_The task_: The copy you produce must repeat each record exactly and contain no pictures.

--

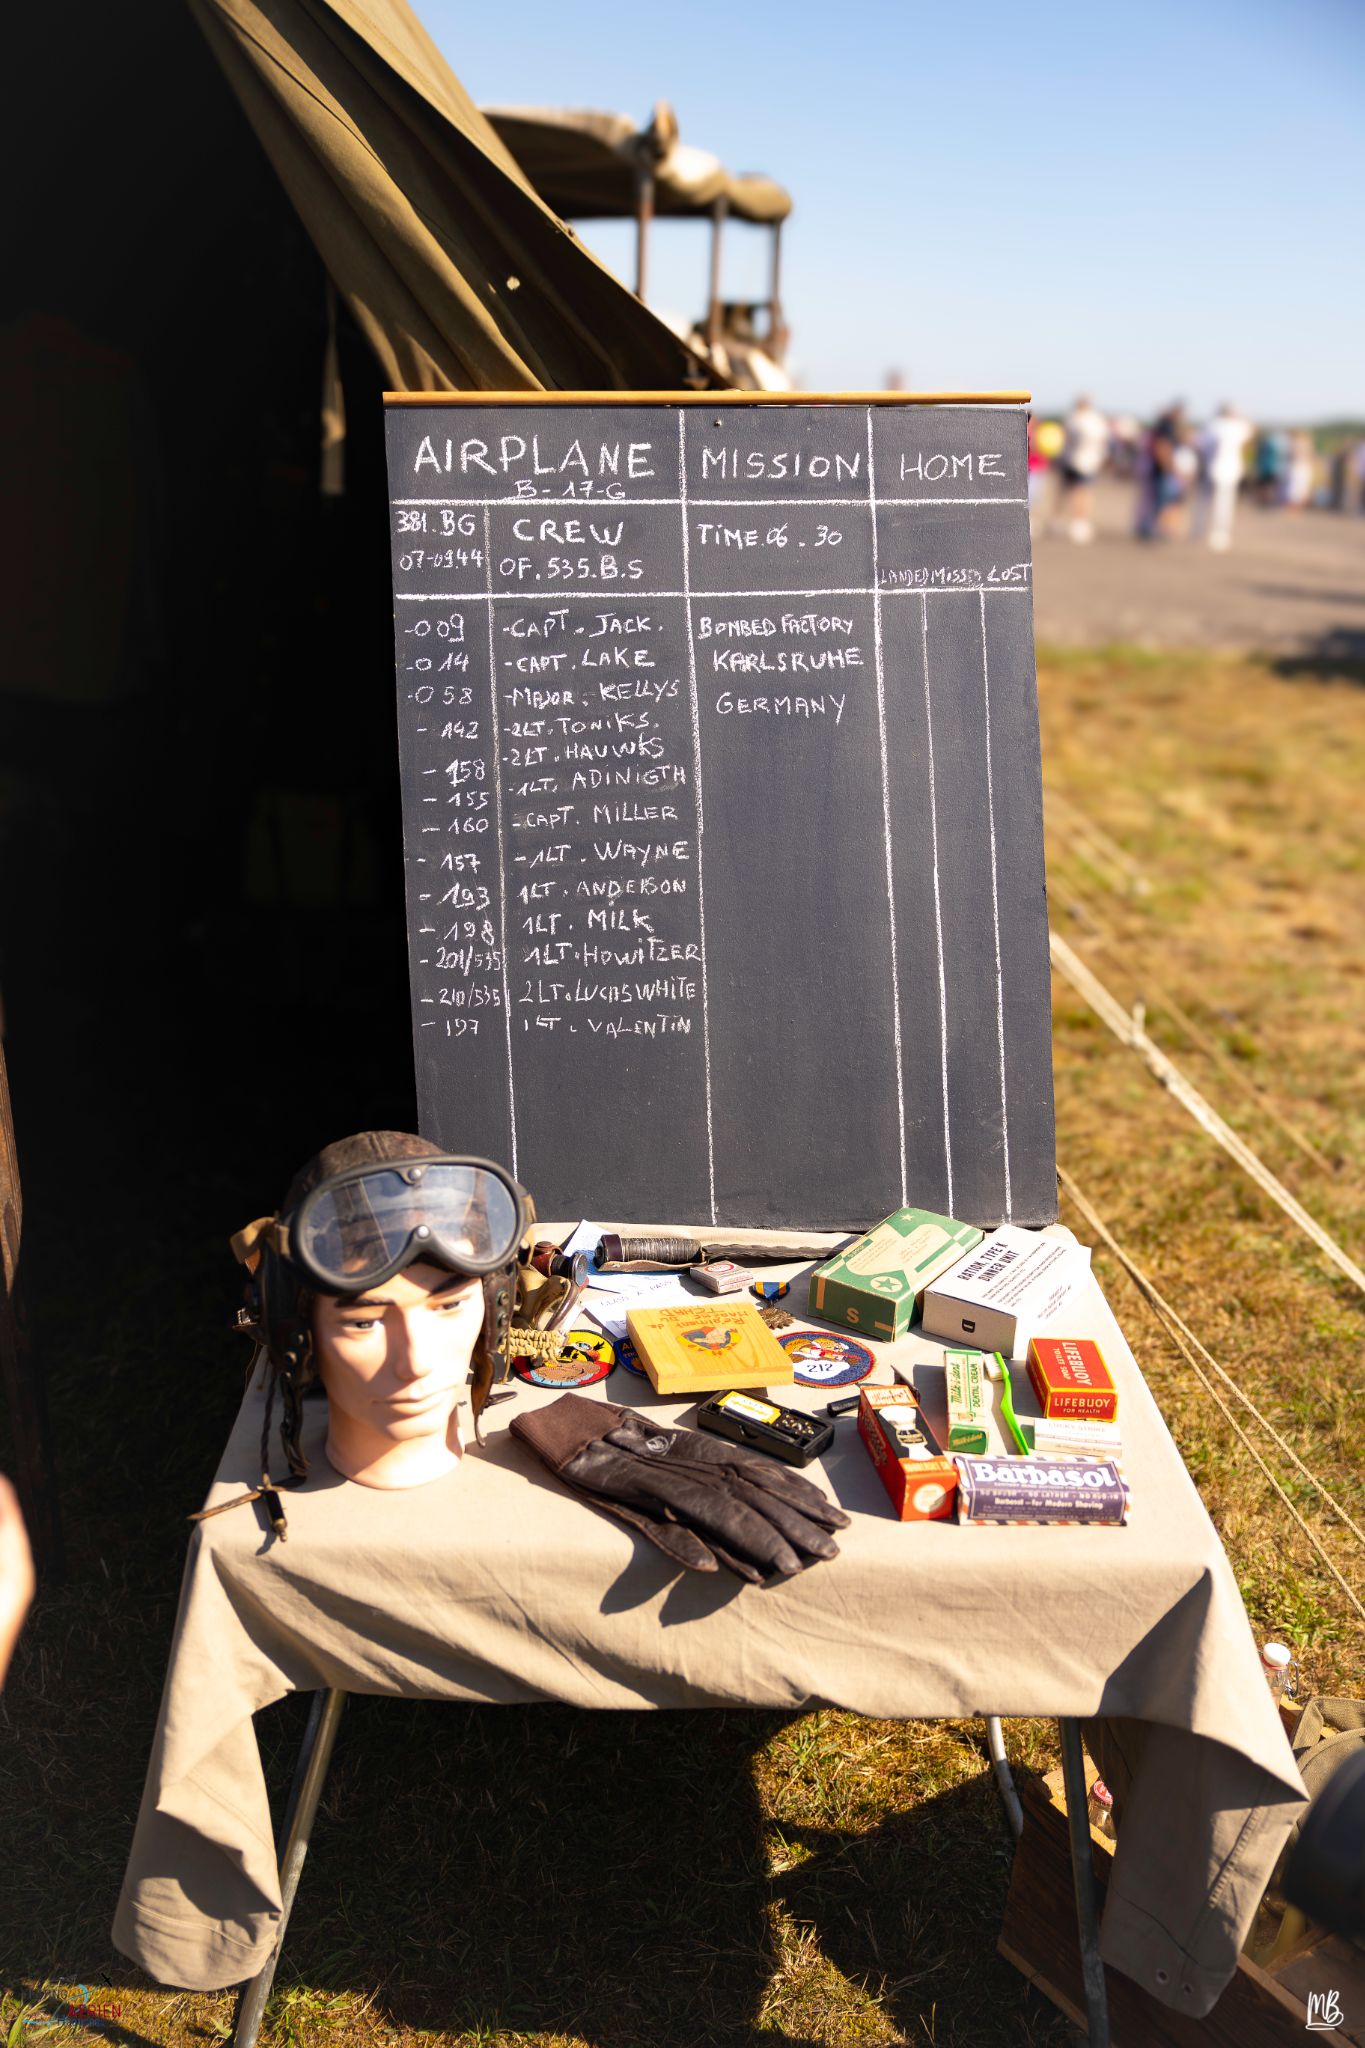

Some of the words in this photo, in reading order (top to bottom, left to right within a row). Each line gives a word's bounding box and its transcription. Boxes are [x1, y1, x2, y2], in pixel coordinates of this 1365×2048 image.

[414, 435, 654, 478] AIRPLANE
[702, 447, 860, 481] MISSION
[900, 453, 1006, 481] HOME
[513, 519, 624, 546] CREW
[881, 567, 929, 586] LANDED
[987, 562, 1033, 582] LOST
[781, 613, 853, 636] FACTORY
[581, 647, 655, 667] LAKE
[713, 647, 864, 673] KARLSRUHE
[716, 693, 846, 725] GERMANY
[448, 817, 489, 834] 160
[440, 852, 480, 874] 157
[593, 839, 690, 867] WAYNE
[576, 877, 687, 897] ANDERSON
[980, 1246, 1003, 1262] TYPE
[978, 1263, 1007, 1282] DINNER
[1003, 1250, 1020, 1264] UNIT
[846, 1307, 860, 1324] S
[962, 1319, 975, 1333] D
[807, 1363, 833, 1373] 212
[1062, 1342, 1092, 1386] LIFEBUOY
[1054, 1397, 1111, 1408] LIFEBUOY
[971, 1462, 1117, 1487] Barbasol

--

_Answer to this task_:
Some of the words in this photo, in reading order (top to bottom, left to right within a row). Each line gives a word's bounding box and its transcription. Boxes are [x1, y1, x2, y2], in pixel coordinates of this 1365×2048 image.

[414, 435, 654, 478] AIRPLANE
[702, 447, 860, 481] MISSION
[900, 453, 1006, 481] HOME
[513, 519, 624, 546] CREW
[881, 567, 929, 586] LANDED
[987, 562, 1033, 582] LOST
[781, 613, 853, 636] FACTORY
[581, 647, 655, 667] LAKE
[713, 647, 864, 673] KARLSRUHE
[716, 693, 846, 725] GERMANY
[448, 817, 489, 834] 160
[440, 852, 480, 874] 157
[593, 839, 690, 867] WAYNE
[576, 877, 687, 897] ANDERSON
[980, 1246, 1003, 1262] TYPE
[978, 1263, 1007, 1282] DINNER
[1003, 1250, 1020, 1264] UNIT
[846, 1307, 860, 1324] S
[962, 1319, 975, 1333] D
[807, 1363, 833, 1373] 212
[1062, 1342, 1092, 1386] LIFEBUOY
[1054, 1397, 1111, 1408] LIFEBUOY
[971, 1462, 1117, 1487] Barbasol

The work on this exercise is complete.